# Bed extension for Delta 46-460....



## Keith Heyer (Nov 11, 2012)

Has anybody installed/used one of these? I am just wondering if there are any alignment issues?

I need to install one and was wondering if it is worth the money?

Thanks,

Keith


----------



## mtgrizzly52 (Nov 12, 2012)

I ordered mine last year shortly after Xmas, but didn't get a chance to get it set up until about a month ago when I finally got my shop rebuilt and tools replaced due to a hot water tank bursting and flooding my basement while gone taking care of my mom. I am now back to doing a bit of turning and did a couple of tool handles that were 18" long a few weeks back. The bed extension has turned my Delta 46-460 into a full sized lathe and I've had absolutely no alignment problems at all. It was worth the price in my opinion.

Rick (mtgrizzly52)


----------



## airborne_r6 (Nov 12, 2012)

Absolutely love mine, no issues with alignment at all.


----------



## Wdcrvr (Nov 12, 2012)

*Lathe Extension*

Keith ... an alternative to buying the Delta extension is to make one.  Here is a 12" extension that I built.  It enabled me to get the tailstock out of the way for bowl work, gave me enough bed length to make some long lathe tool handles, while still retaining compactness of the lathe for my small shop.    I keep the wooden extension rails well waxed with Johnson paste wax; alignment has been good; very solid and compact extension for my handle-turning uses and for sliding the tailstock out of the way.    WoodNet Forums: Homemade Midi-lathe Extension


Tom


----------



## plano_harry (Nov 12, 2012)

Hi Keith, don't worry about it.  There should not be any issues.  You could bolt the tailstock to a wall and except for a toolrest, you wouldn't have any issues.  You are turning between two points and your tool is free hand on a rest.  If it were a metal lathe, it would be an entirely different issue 

Harry


----------



## Keith Heyer (Nov 13, 2012)

Wdcrvr said:


> Keith ... an alternative to buying the Delta extension is to make one. Here is a 12" extension that I built. It enabled me to get the tailstock out of the way for bowl work, gave me enough bed length to make some long lathe tool handles, while still retaining compactness of the lathe for my small shop. I keep the wooden extension rails well waxed with Johnson paste wax; alignment has been good; very solid and compact extension for my handle-turning uses and for sliding the tailstock out of the way. WoodNet Forums: Homemade Midi-lathe Extension
> 
> 
> Tom


 
That is a great solution!  I just might have to build that.


----------



## collectric (Dec 10, 2012)

Rick,
Could you give the total dimension of the lathe with the extension mounted?

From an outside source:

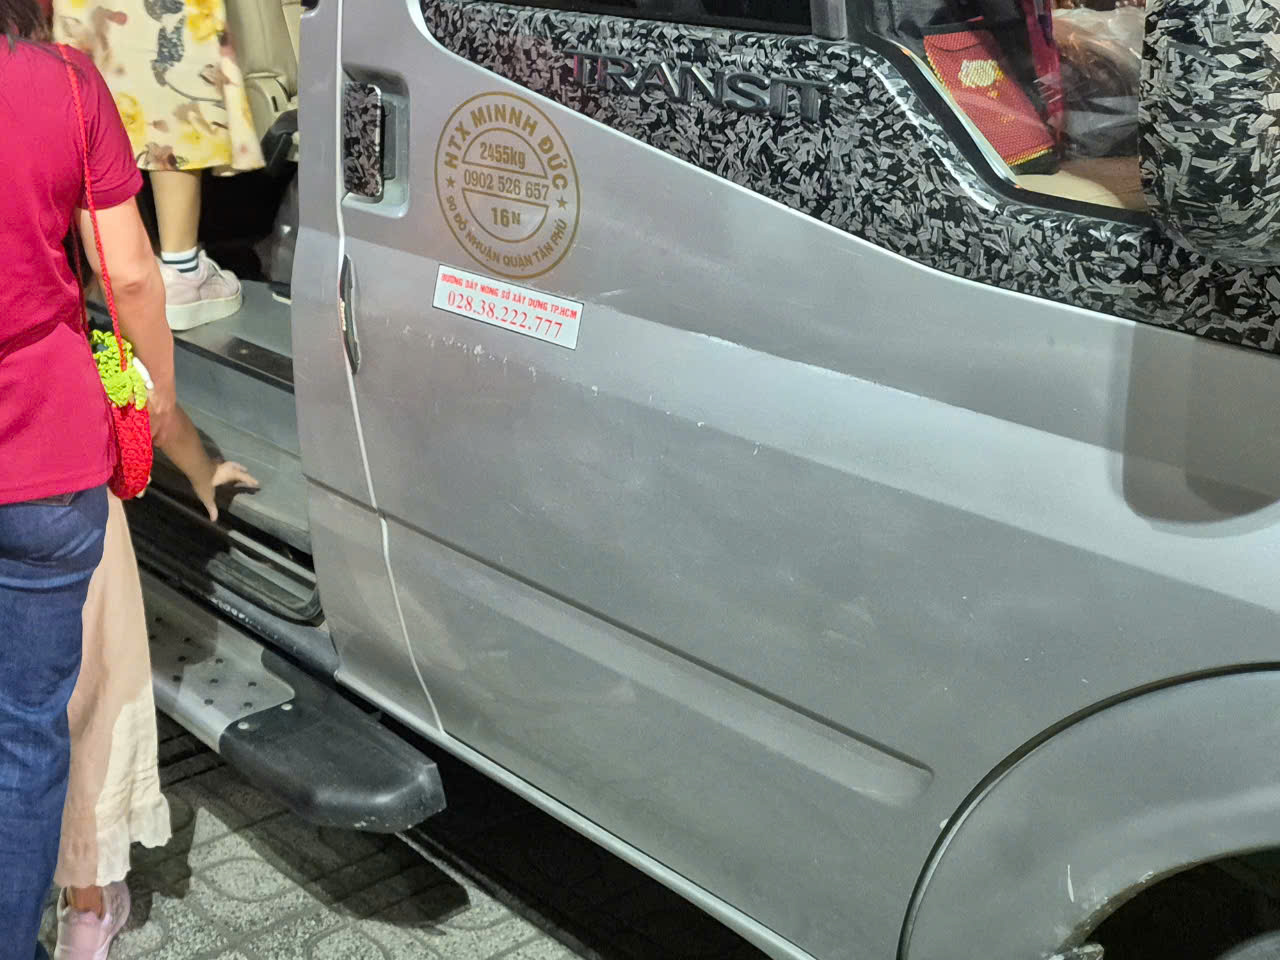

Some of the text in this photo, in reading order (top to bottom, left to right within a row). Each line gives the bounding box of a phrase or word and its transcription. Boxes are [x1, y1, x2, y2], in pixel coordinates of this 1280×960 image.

From outside the mounting flanges.

Thanks,
Tom




mtgrizzly52 said:


> I ordered mine last year shortly after Xmas, but didn't get a chance to get it set up until about a month ago when I finally got my shop rebuilt and tools replaced due to a hot water tank bursting and flooding my basement while gone taking care of my mom. I am now back to doing a bit of turning and did a couple of tool handles that were 18" long a few weeks back. The bed extension has turned my Delta 46-460 into a full sized lathe and I've had absolutely no alignment problems at all. It was worth the price in my opinion.
> 
> Rick (mtgrizzly52)


----------



## Gary Beasley (Dec 10, 2012)

Keith Heyer said:


> Has anybody installed/used one of these? I am just wondering if there are any alignment issues?
> 
> I need to install one and was wondering if it is worth the money?
> 
> ...


 
I ran the tailstock over the joint and snugged it up good before tightening the bolts, it helped keep the joint in alignment. As far as the length it pretty much doubles the length of the bed.


----------



## collectric (Dec 10, 2012)

*dimension of the lathe with the extension mounted?*

Can anyone answer this question?

Can you give the total dimension of the lathe with the extension mounted? From outside the mounting flanges.

Thanks,
Tom


----------



## airborne_r6 (Dec 11, 2012)

If no one has answered this before then I will measure my lathe when I get home in a few hours.


----------



## airborne_r6 (Dec 12, 2012)

I apologize, I promised this yesterday but got distracted studying and forgot.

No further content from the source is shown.